(Dataset entries)
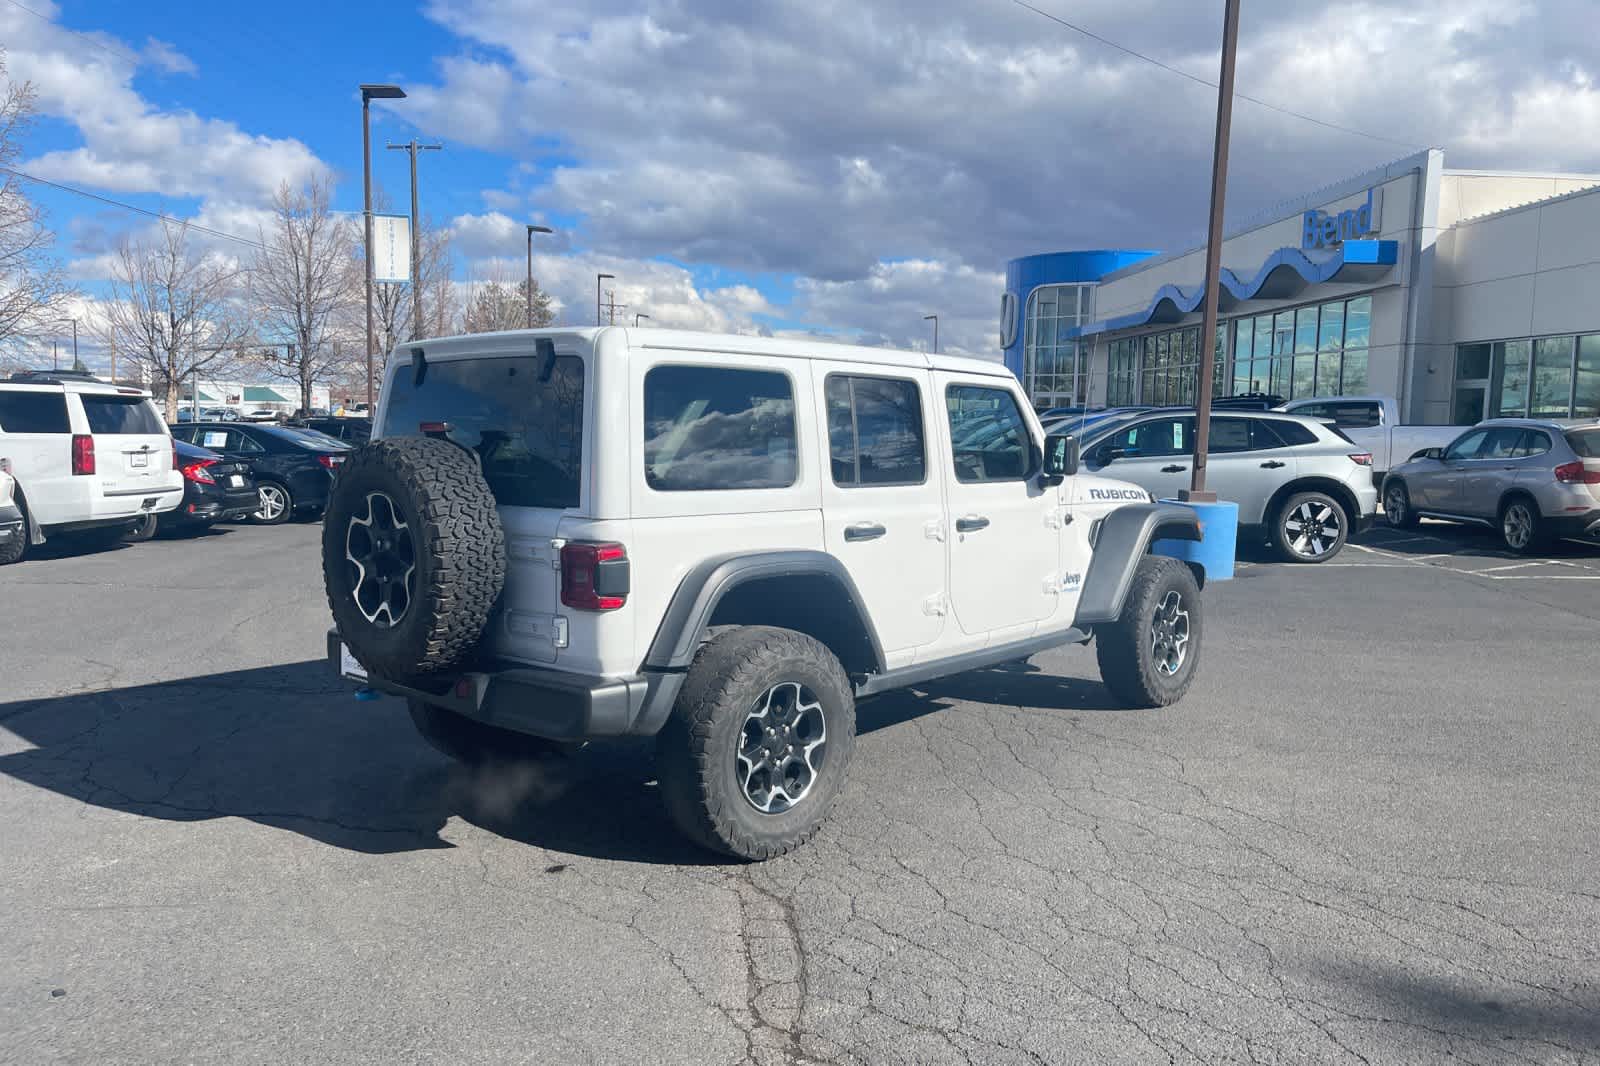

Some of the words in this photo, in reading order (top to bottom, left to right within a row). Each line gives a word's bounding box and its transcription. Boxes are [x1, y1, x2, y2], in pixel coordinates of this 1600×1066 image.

[1303, 187, 1373, 249] Bend
[1089, 488, 1146, 500] RUBICON
[1063, 571, 1081, 585] Jeep
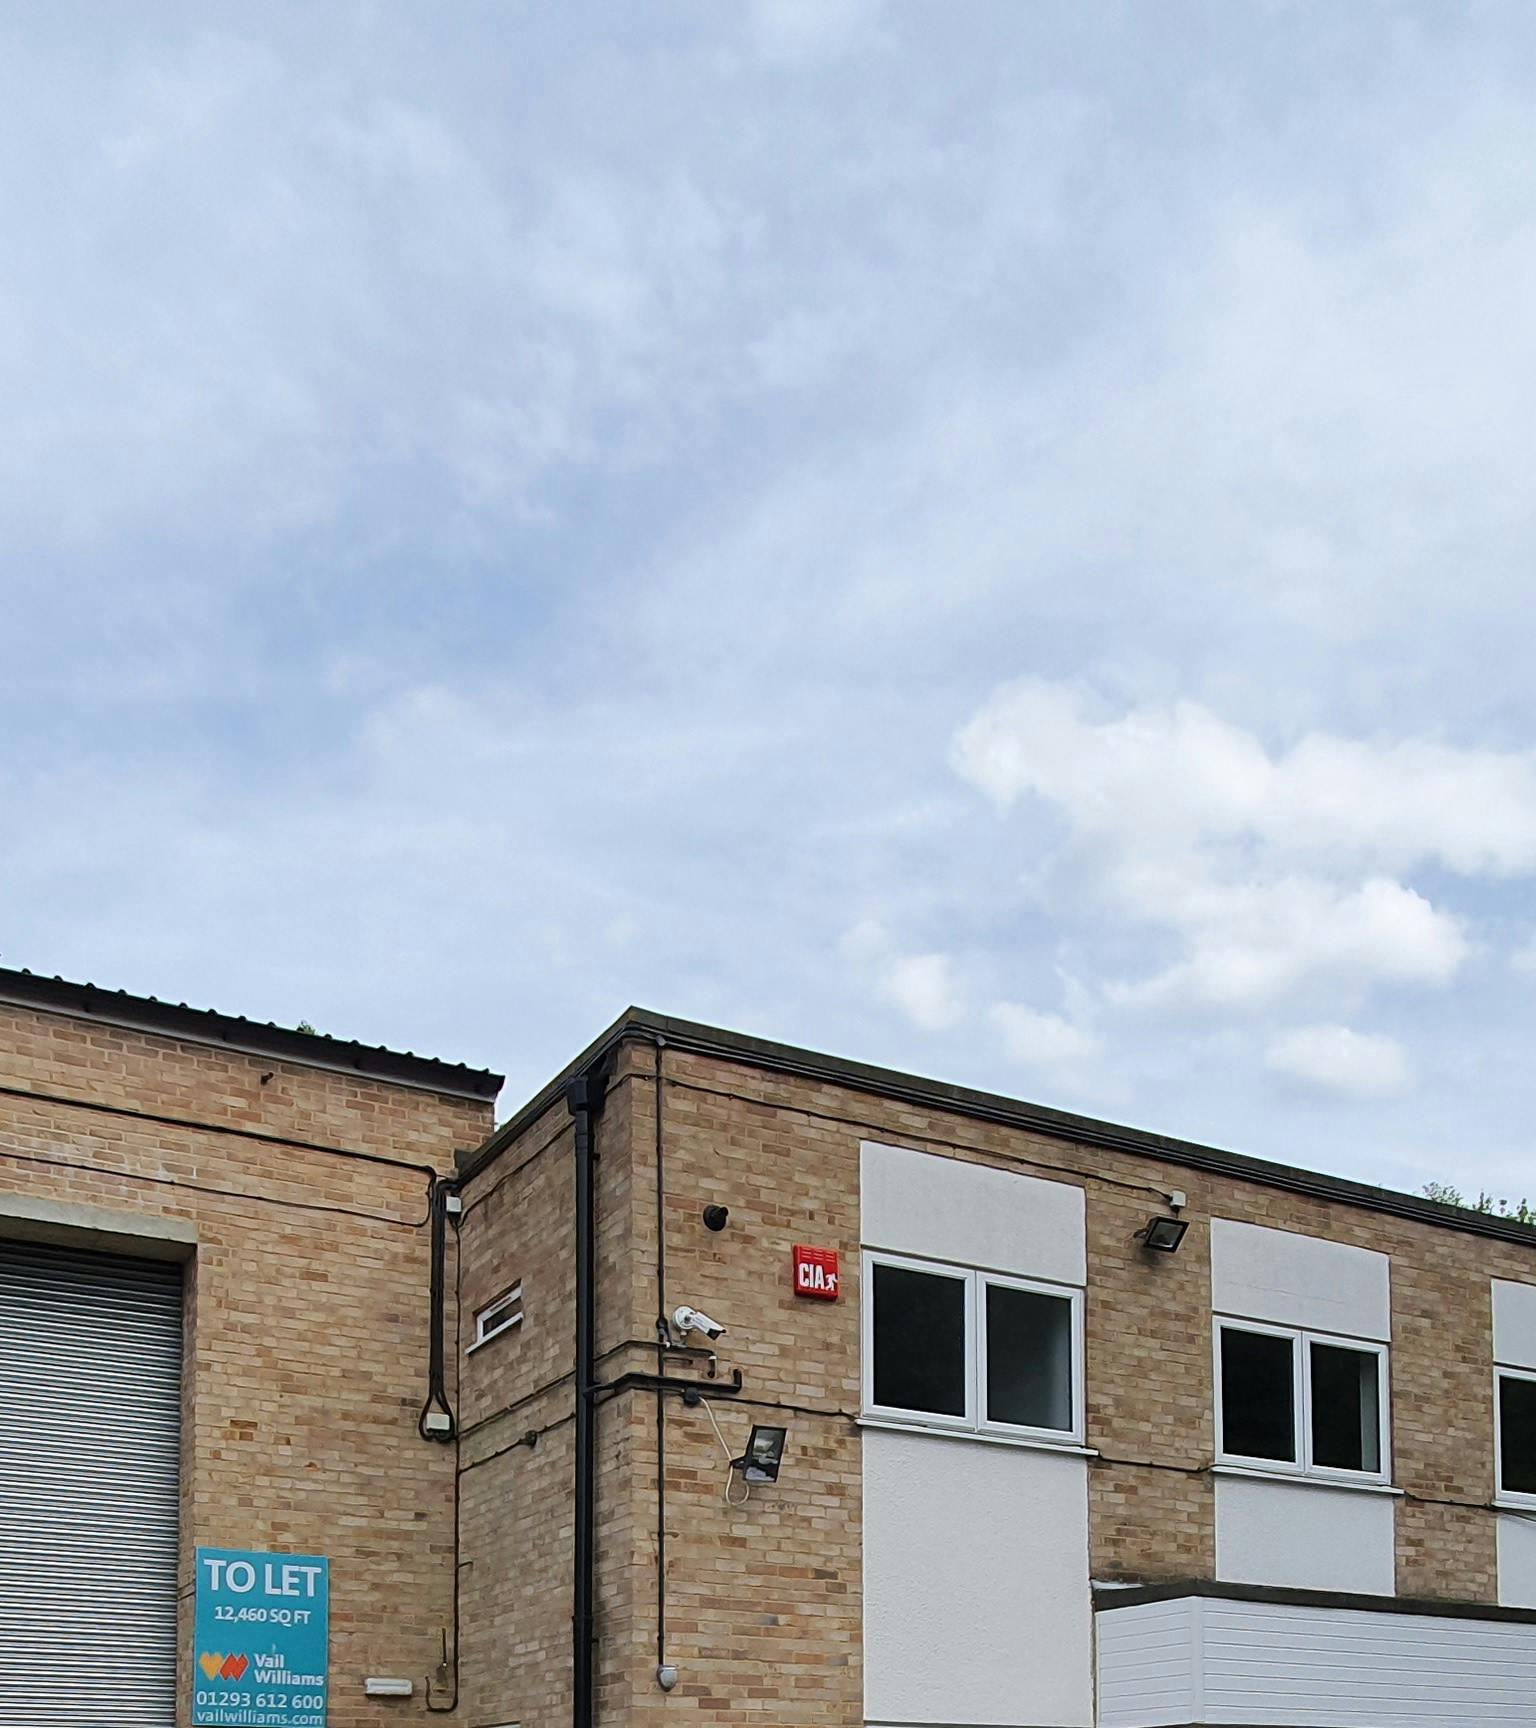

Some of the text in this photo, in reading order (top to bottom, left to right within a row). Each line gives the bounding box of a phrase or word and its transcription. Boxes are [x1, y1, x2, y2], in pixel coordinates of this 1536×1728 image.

[799, 1262, 825, 1290] CIA
[203, 1559, 322, 1598] TO LET
[214, 1606, 311, 1627] 12,460 SQ FT
[253, 1653, 285, 1668] Vail
[253, 1668, 325, 1687] Williams
[196, 1690, 324, 1710] 01293 612 600
[196, 1709, 323, 1726] vailwilliams.com
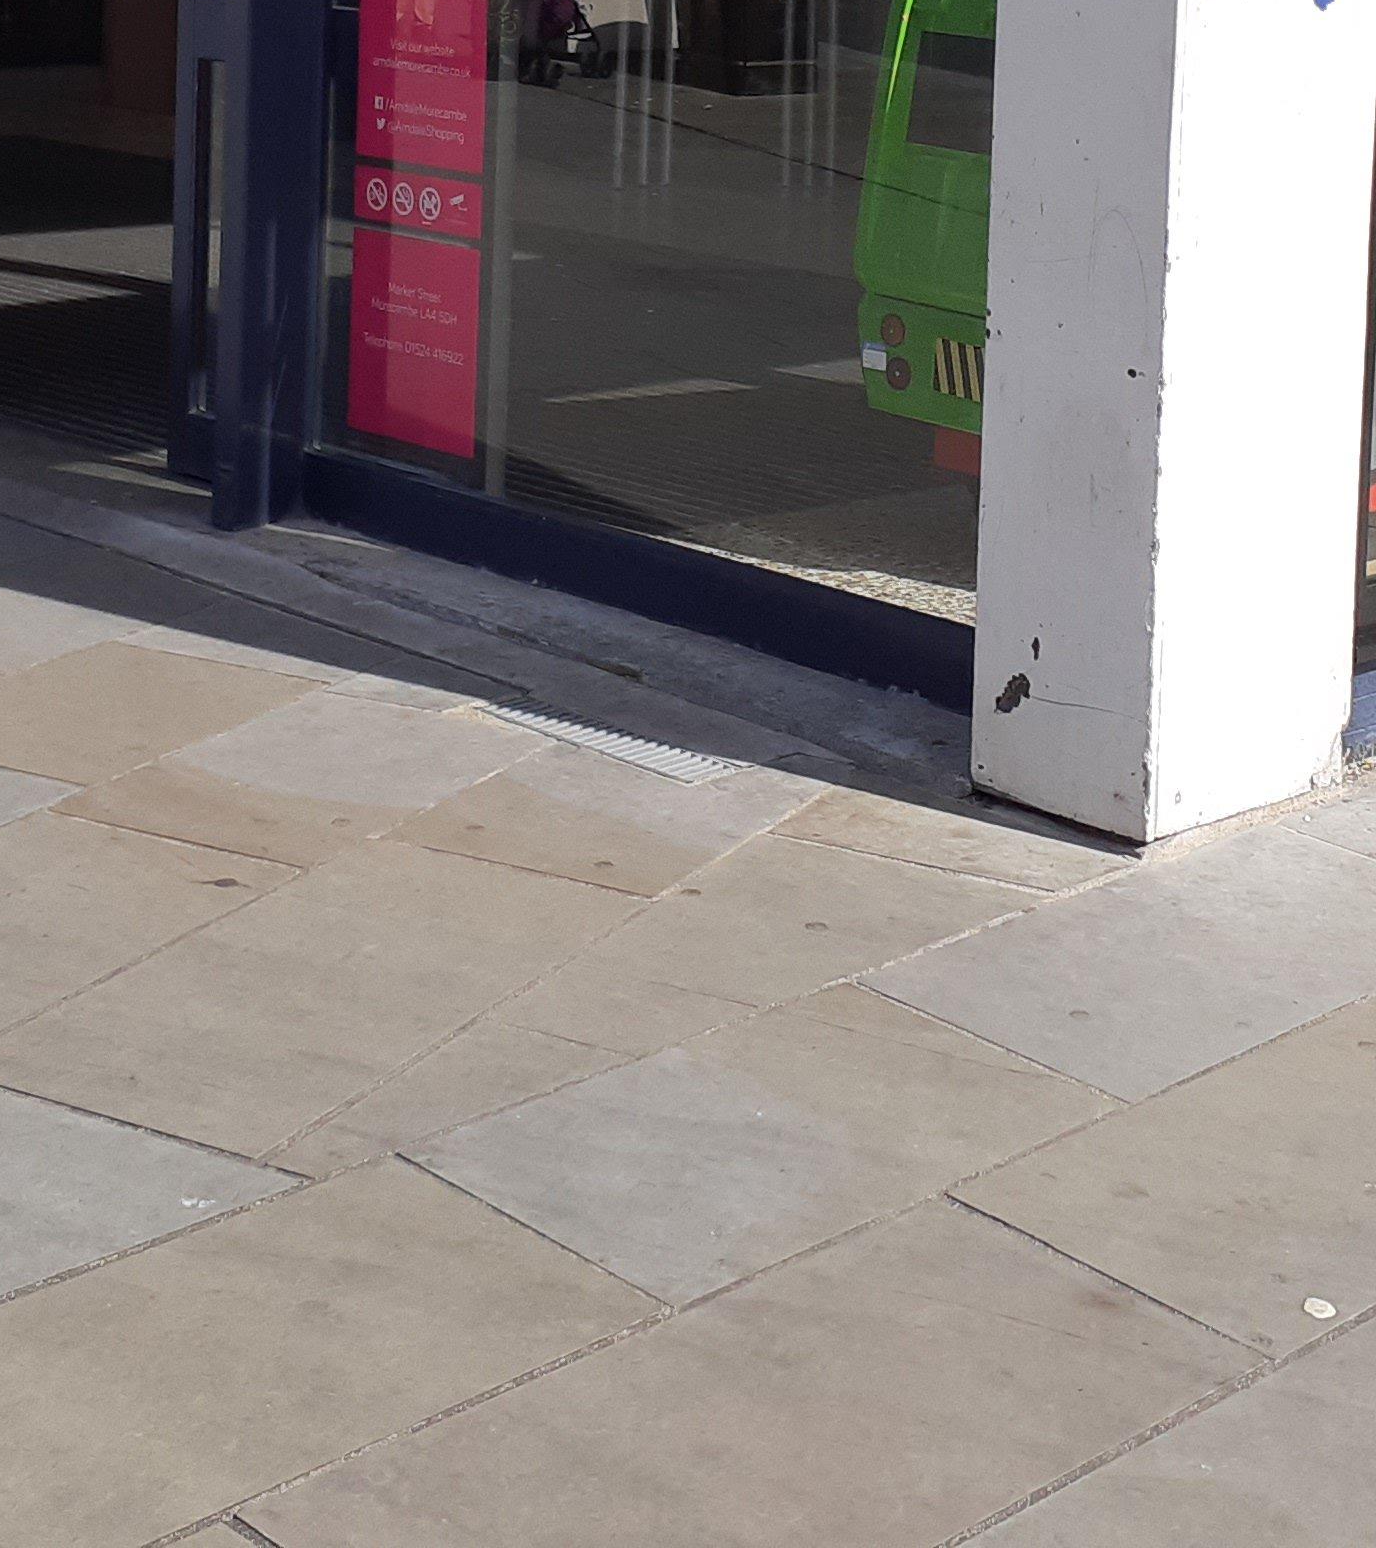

▶ _WHAT YOU SHOULD DO_
Omit the pictures and write out the remaining data exactly.

▶ _RESULT FOR THIS EXERCISE_
Some of the words in this photo, in reading order (top to bottom, left to right within a row). Each line gives a word's bounding box and its transcription. Boxes are [x1, y1, x2, y2], in pixel coordinates of this 1600×1066 image.

[1303, 187, 1373, 249] Bend
[1089, 488, 1146, 500] RUBICON
[1063, 571, 1081, 585] Jeep

Some of the text in this photo, in reading order (top to bottom, left to right within a row). Each line gives the bounding box of a phrase or word and its transcription. Boxes are [x1, y1, x2, y2], in pixel coordinates of this 1536×1728 image.

[799, 1262, 825, 1290] CIA
[203, 1559, 322, 1598] TO LET
[214, 1606, 311, 1627] 12,460 SQ FT
[253, 1653, 285, 1668] Vail
[253, 1668, 325, 1687] Williams
[196, 1690, 324, 1710] 01293 612 600
[196, 1709, 323, 1726] vailwilliams.com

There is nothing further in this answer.